## Task directions
Please retype the records below exactly as they appear, but leave out the pictures.

[Phrase grounding data]
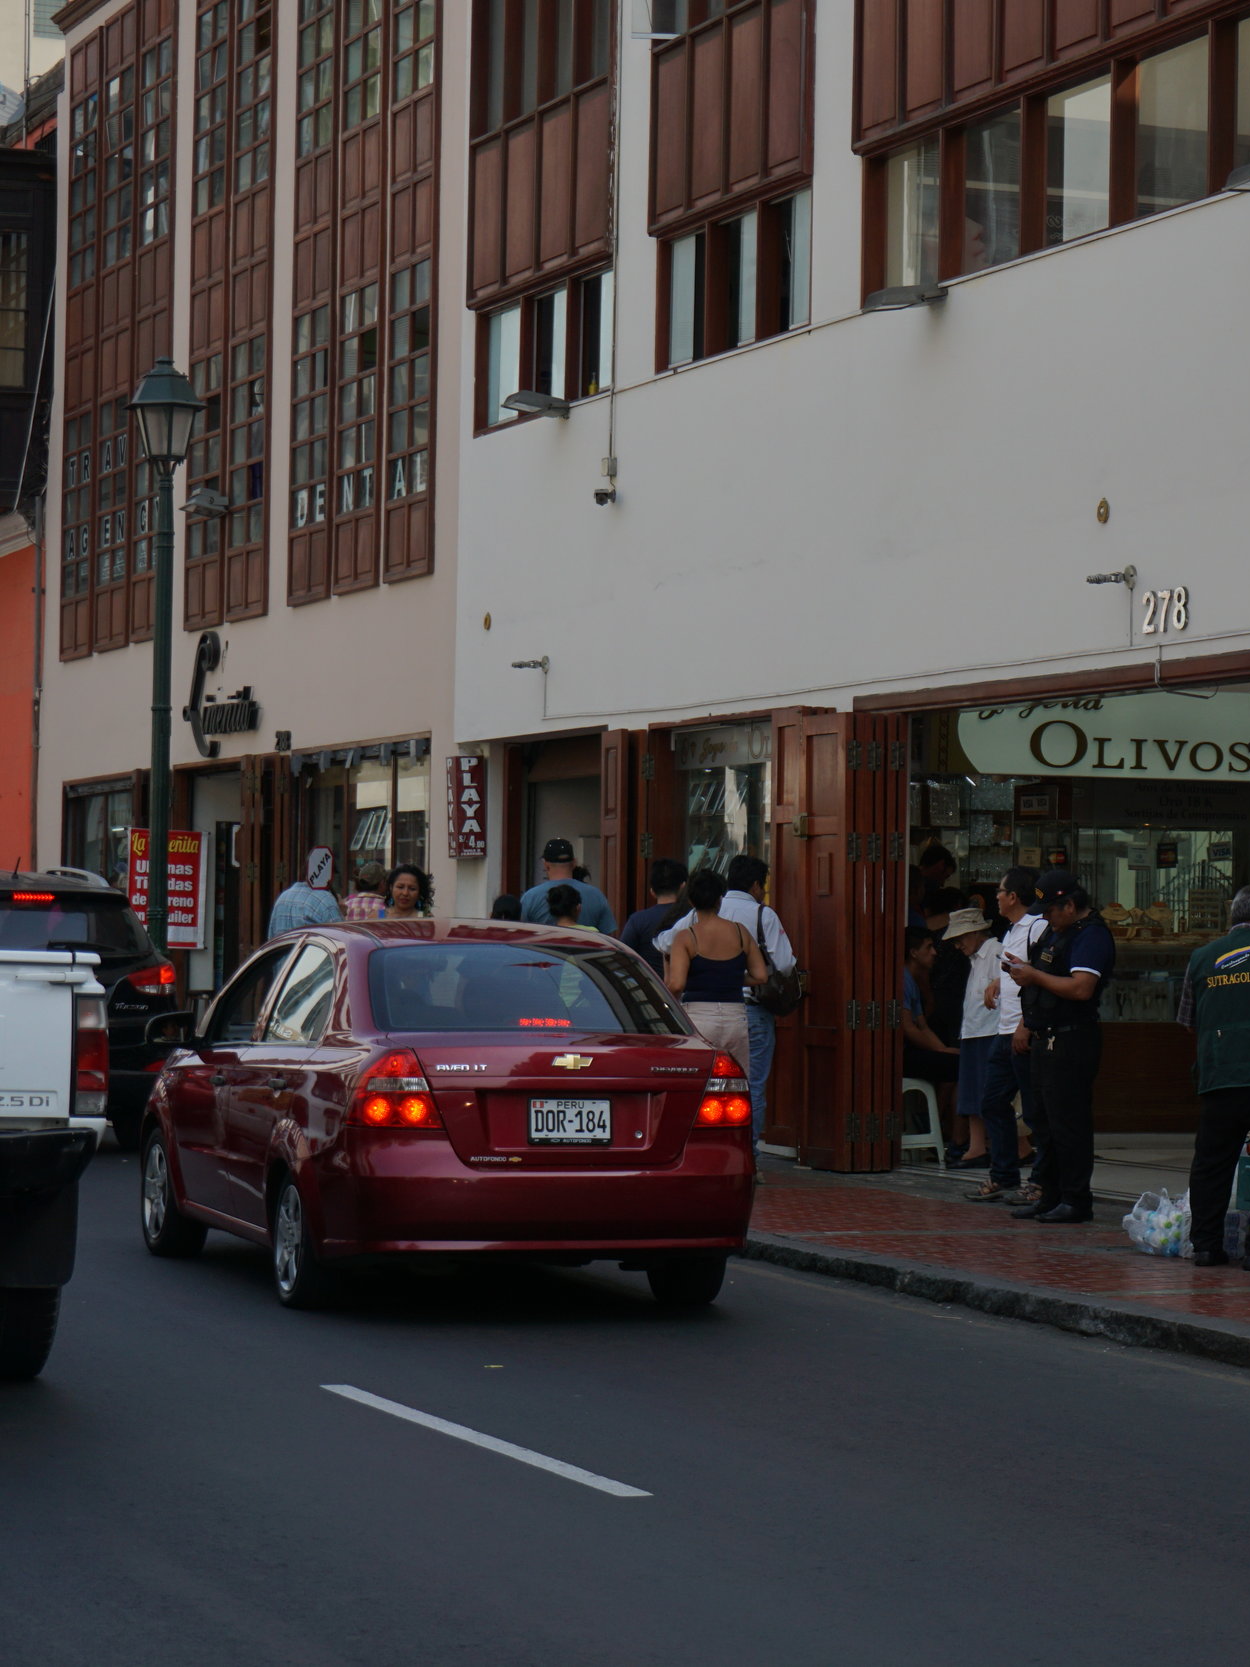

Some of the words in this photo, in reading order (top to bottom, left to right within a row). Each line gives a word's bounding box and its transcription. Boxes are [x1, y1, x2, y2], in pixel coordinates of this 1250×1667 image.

[297, 450, 427, 528] DENTAL
[1142, 586, 1189, 634] 278
[1159, 782, 1171, 793] de
[446, 759, 456, 833] PLAYA
[460, 758, 482, 833] PLAYA
[1159, 796, 1183, 807] Oro
[1167, 808, 1178, 819] de
[132, 832, 146, 856] La
[1212, 847, 1231, 857] VISA
[309, 852, 332, 885] PLAYA
[134, 875, 194, 892] Tidas
[131, 892, 147, 905] de
[29, 1096, 49, 1107] Di
[557, 1100, 585, 1109] PERU

## Response to the exercise
Some of the words in this photo, in reading order (top to bottom, left to right within a row). Each line gives a word's bounding box and its transcription. Boxes are [x1, y1, x2, y2], in pixel coordinates of this 1250×1667 image.

[297, 450, 427, 528] DENTAL
[1142, 586, 1189, 634] 278
[1159, 782, 1171, 793] de
[446, 759, 456, 833] PLAYA
[460, 758, 482, 833] PLAYA
[1159, 796, 1183, 807] Oro
[1167, 808, 1178, 819] de
[132, 832, 146, 856] La
[1212, 847, 1231, 857] VISA
[309, 852, 332, 885] PLAYA
[134, 875, 194, 892] Tidas
[131, 892, 147, 905] de
[29, 1096, 49, 1107] Di
[557, 1100, 585, 1109] PERU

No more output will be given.